I felt that way when I did clinicals on the Indian reservation! My roommate said it was the equivalent of going to church/(synagogue/temple/etc.) and dumping your garbage in the sanctuary.
I’m with you. Especially now when there are more bins around (at least where I live there used to be way fewer bins).
And if you’re in a car, just take the rubbish with you. There will be a bin at your destination.
At the Grand Canyon I saw a teenage boy throw a can over the viewing ledge into the canyon, into a bit where it couldn’t be collected. I wanted to shoot him then and there: as far as I’m concerned, littering a site like that is a sure sign of psychopathy.
(Actually shooting him would be too, obviously, but all I actually did was talk to the staff, who took him aside, and I have no idea if he faced any consequences).
I honestly don’t get that either. You go to the trouble of taking a bag and cleaning up the mess, and that’s good - and way better than the situation 30 or so years ago. But then why not just take the bag to the nearest bin? It’s not hard. And I’ve walked plenty of dogs.
When I was a Cub Scout my mother was my Den Mother and we took a short day trip to one of the mountain parks in Phoenix. There was a new kid whose family had just moved from New Jersey and they were not used to our strange western ways.* While we were standing around admiring the desert flora he reached into his pocket, pulled out a stick of gum, and tossed the wrapper onto the ground. Even at eight I just stood there dumbfounded and Mom said, “[Name]! Cub Scouts don’t do that!” The kid looked startled, picked up the wrapper and put it in his pants pocket.
*Mom mentioned his mother asking her one time when she was dropping him off, “[Name]'s telling me all the boys in school wear blue jeans to school and he wants to, too. Is this true?”
“Well, yeah – what else would they wear?” This was 1958 when jeans were ‘dungarees’ to some people.
I’m not sure what that analogy is supposed to mean.
This was at the Grand Canyon, and I mean at the main visitor centre you get to if you visit from Las Vegas, not in the Canyon on a trek (I said there was a viewing ledge). There were multiple signs saying not to litter, and why, and you were reminded of it as you arrived. You don’t just sort of wander up there, as a tourist.
Throwing your rubbish into the canyon from where he was required effort, not just dropping something out of your pocket, and he couldn’t have picked it up - no human could have. It wasn’t about strange Western ways, or not being in the scouts, or differences in terms for clothing - it was one of the wonders of the natural world that this boy made an effort to litter just because he wanted to.
There is no “ah, he didn’t understand the rules” thing here. He was very clearly told the rules, like we all were (and he was American), and the beauty of the scenery made almost everyone just leave everything else at the door. It’s still one of the best experiences of my life - he’s a tiny little blip in it.
He was definitely not like a kid who’d unthinkingly throw a piece of gum on the ground in somewhere beautiful.

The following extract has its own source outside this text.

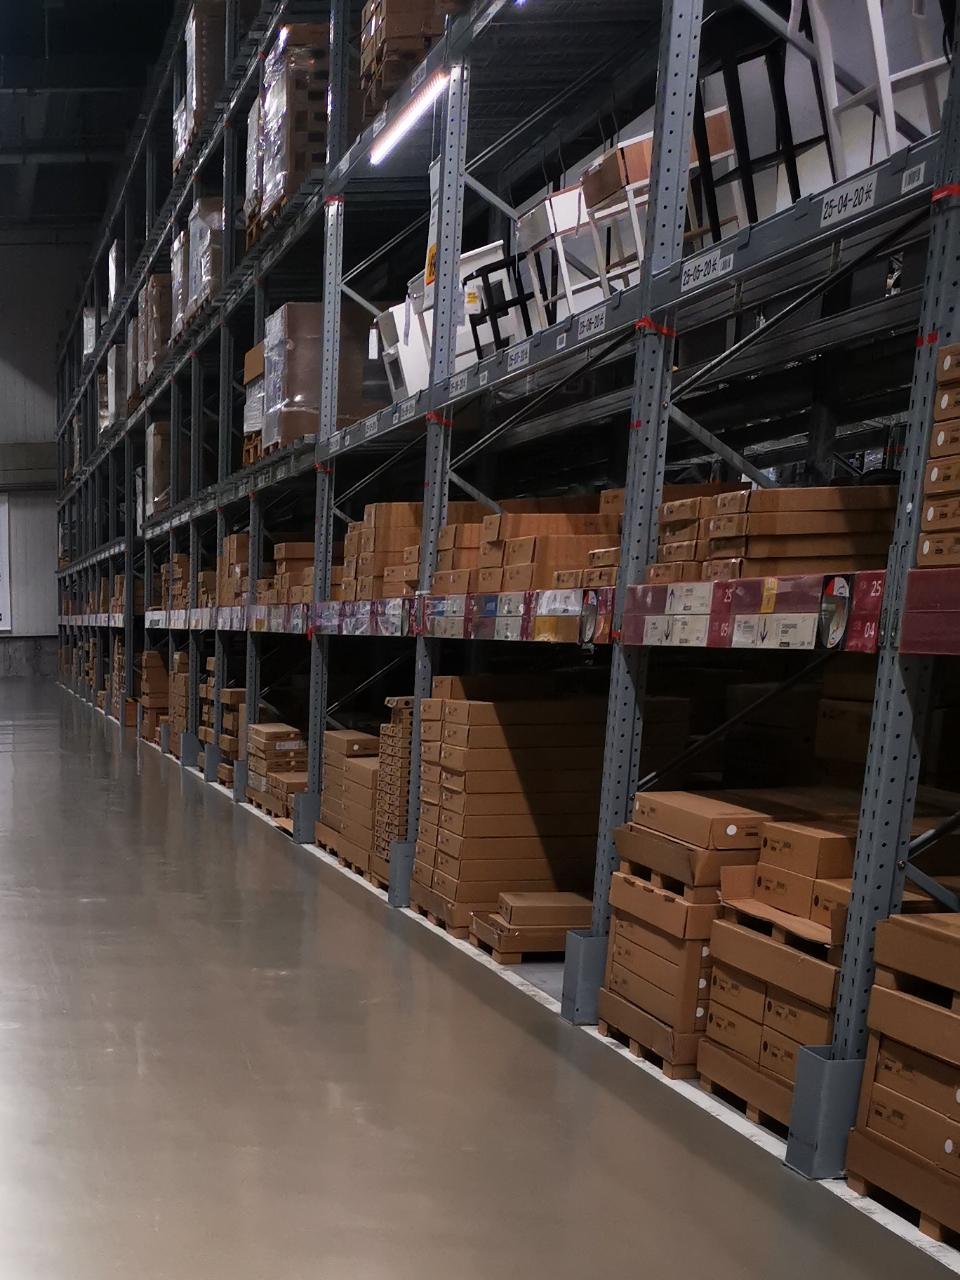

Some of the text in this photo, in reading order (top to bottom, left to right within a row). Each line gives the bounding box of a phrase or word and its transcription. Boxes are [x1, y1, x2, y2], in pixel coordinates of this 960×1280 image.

It was deliberate.
When I was at the Grand Canyon, in 1994, there was a family with a little girl who dropped her teddy bear down into the canyon, and she wanted her parents to retrieve it. I heard her mother tell her, “We’re in the most beautiful place on earth, and all you can do is cry? We’ll buy you a new teddy bear when we get to the gift shop.”
No way were her parents going off the trail; those signs, railings, etc. are there for a reason.
Bumping this thread because I just saw a guy litter while walking along a busy road. In broad (not narrow) daylight.
He was finishing a beverage out of a plastic bottle. When done, he casually tossed it on the side of the road.
I honked an angry honk to let him know he was seen. He did not respond to my honk.
Litterbugs are the epitome of the Selfish Asshole.
mmm
Just yesterday in a parking lot a passenger in a car that was leaving the restaurant tossed their iced coffee drink out the window where it splattered. The driver slammed the brakes got out and picked up the trash and walked it to a trash can and threw it out. I felt sorry for the driver because she had a prick next to her in the front seat with a bad attitude.
Boss (regularly):
“We should start tracking these incidents and compile them monthly”
or
“We should contact all the reps and get their input on this process”
or
“We should gather all this data at the end of each week and enter it in a spreadsheet”
Me (recently): “You sound like my wife when she says “We” should clean out the garage”.
mmm
Chances are, it was a kid who threw it out the window, and the mom who stopped and picked it up.
Hold on, clearly you are deflecting blame towards a child and that’s offensive!